Developing a compact dosage system for the management of helicobacter pylori peptic ulcers

Non-adherence to medication therapy is a significant cause of treatment failures and antimicrobial resistance worldwide. This study aims to design a less bulky, single oral multicomponent dosage unit to improve access and adherence to combination therapies for Helicobacter pylori-indicated peptic ulcers, reducing pill burden, cost, side effects, and overall patient adherence. The study investigates the use of supercritical carbon dioxide and extrusion-spheronisation formulation techniques to create a single-unit solid oral dosage system with improved solubility using various optimization strategies. It utilized DSC, FTIR, XRD, and dissolution techniques to conduct baseline studies on commercially purchased oral dosage forms of clarithromycin, omeprazole, and amoxicillin. Solid dispersions and pellets were generated from the three model drugs and characterised. Solid dispersions of CLR-SOL showed markedly high dissolution rates >85% compared to commercial CLR formulations, with the lowest crystallinity of 8% recorded in the SD with the lowest drug-to-polymer ratio of 1:4. In contrast, OMP-SOL SDs showed lower dissolution rates of ≤48% compared to commercial OMP formulations, AMX-SOL SDs gave release rates of >51%, lower than commercial AMX formulations used in this study.

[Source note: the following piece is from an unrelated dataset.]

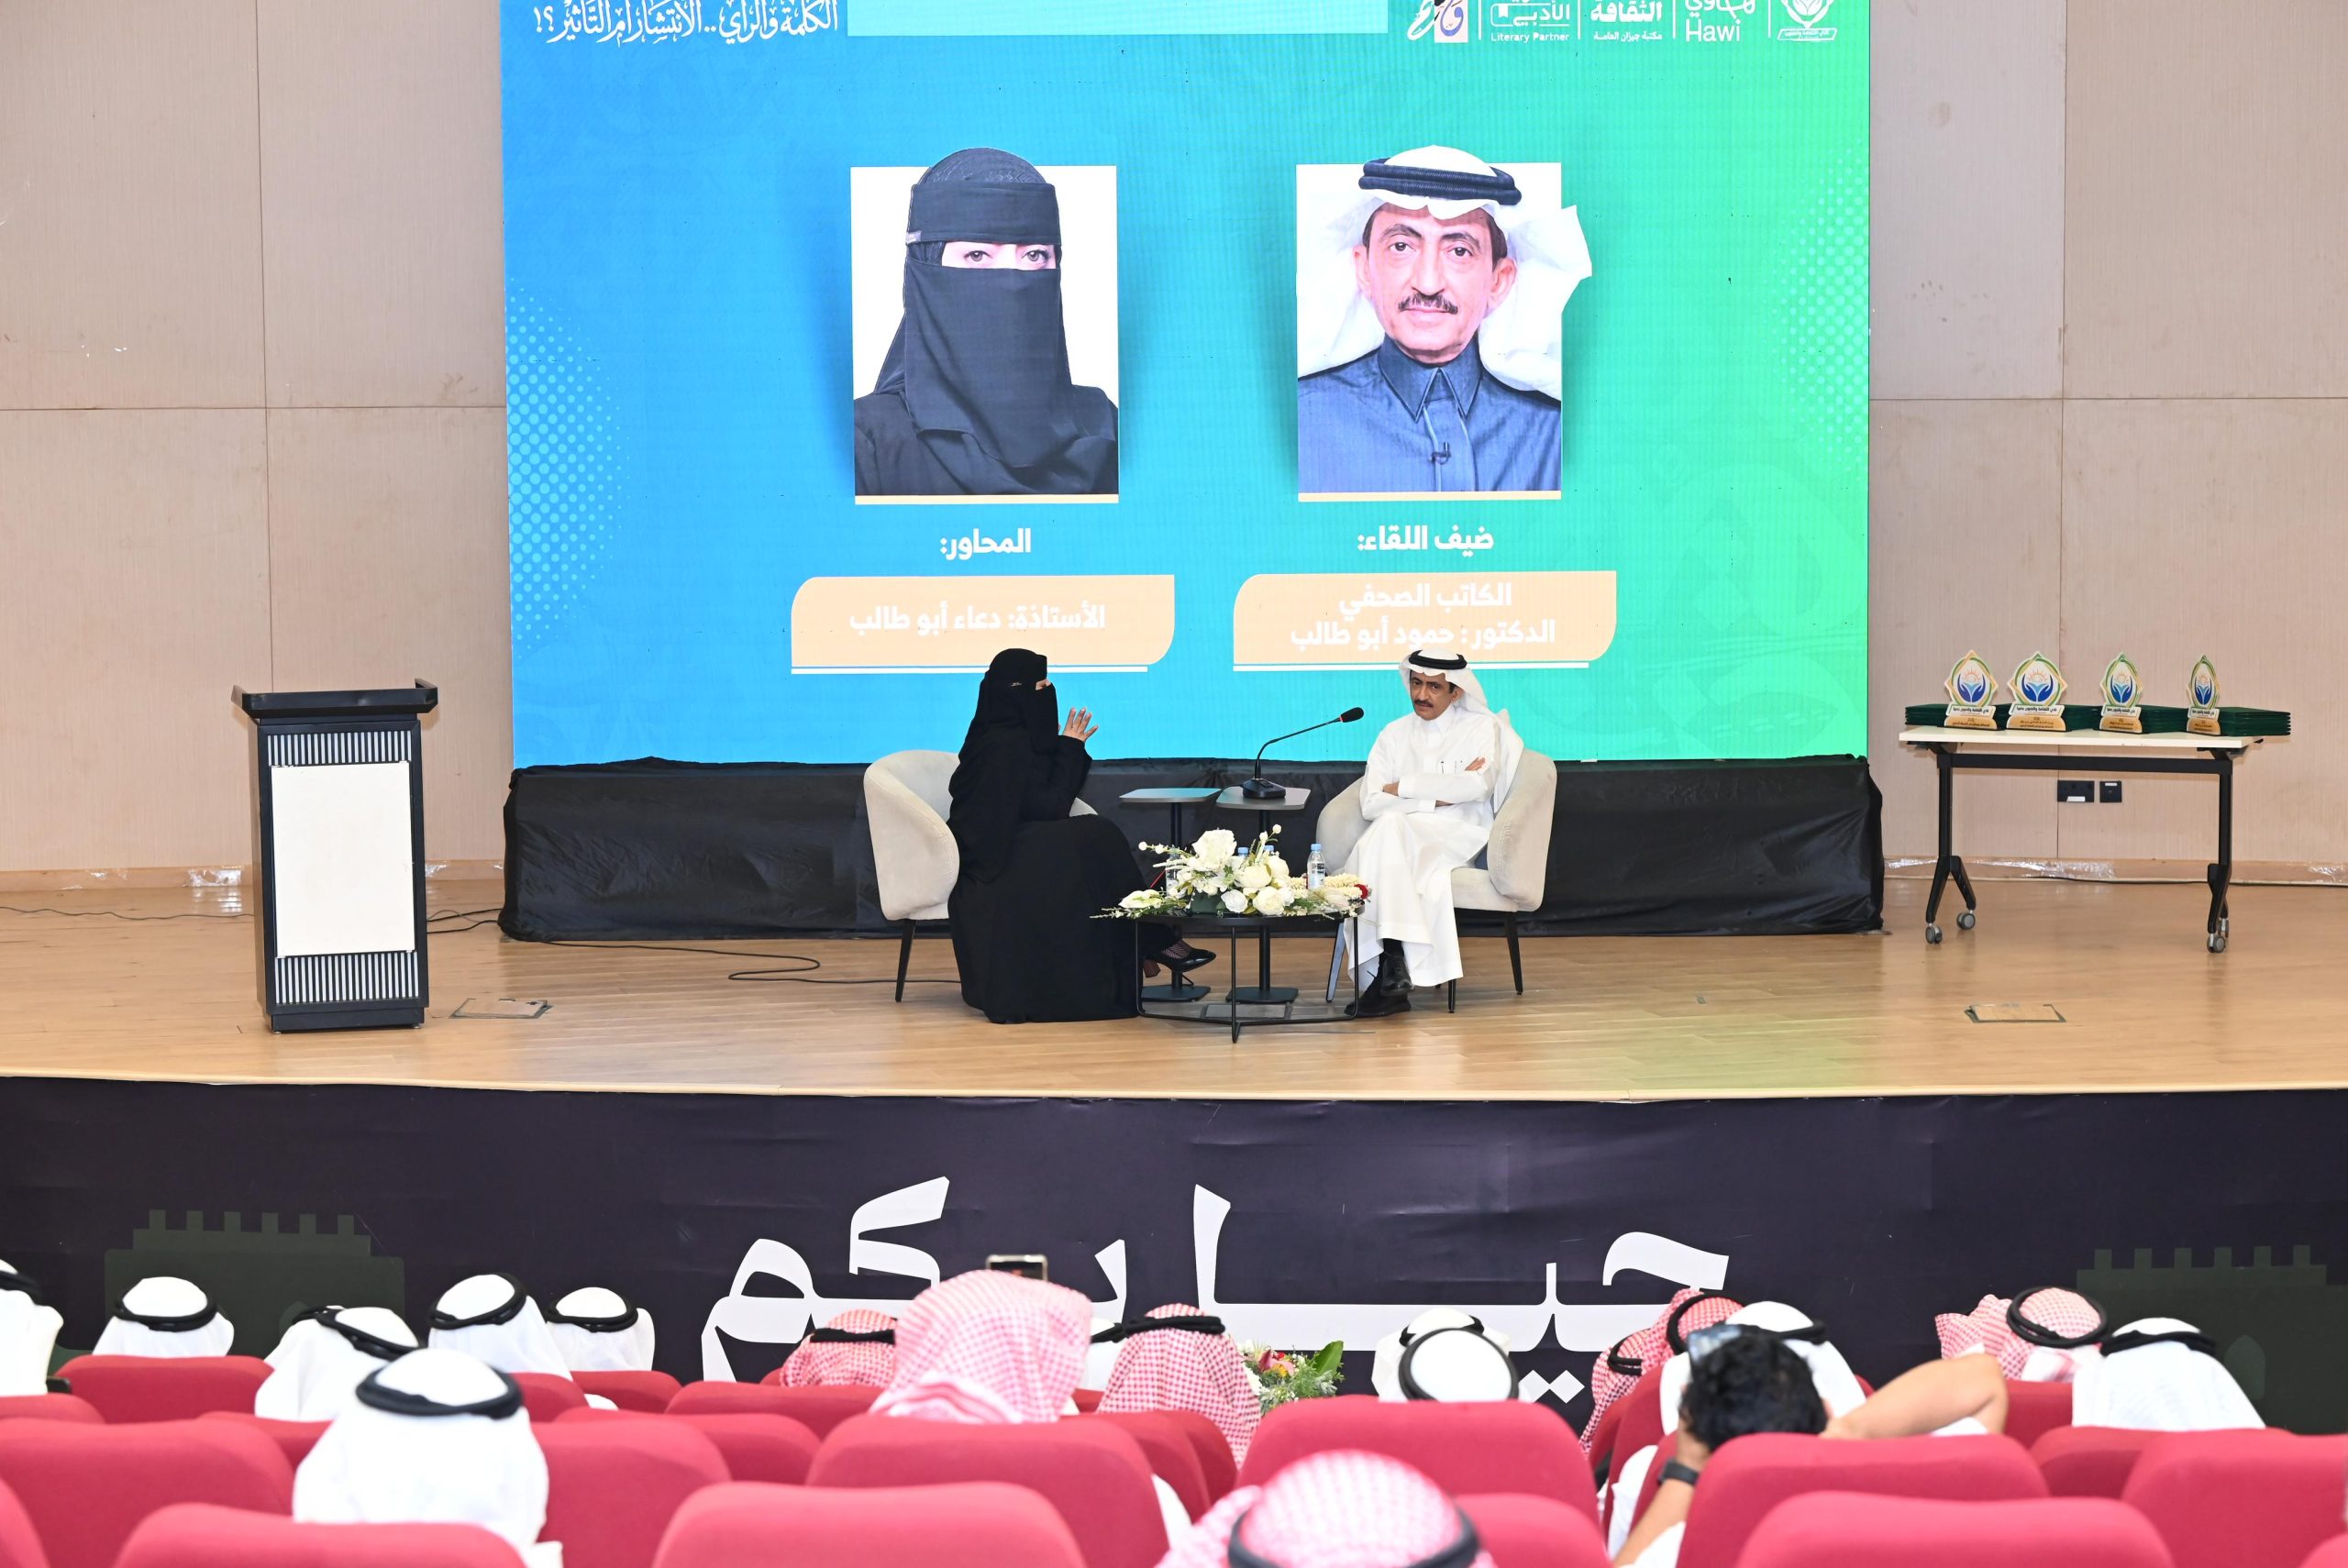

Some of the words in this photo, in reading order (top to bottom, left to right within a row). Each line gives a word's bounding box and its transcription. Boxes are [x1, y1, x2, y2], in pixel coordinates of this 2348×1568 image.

The study found that a 60-minute processing time at 50°C was sufficient for generating amorphous solid dispersions using scCO2. Pellets of CLR and AMX at 10% and 50%w/w drug loading showed improved release rates of >88% and >92%, respectively, compared to the commercial formulations. OMP pellets at 10%w/w drug loading gave a>85% release rate, while 50% w/w drug load showed a 33% release rate. The study developed cost-efficient, simple techniques to generate binary drug-SOL solid dispersions and pellets of model drugs, addressing the lack of access to medication and patient non-adherence.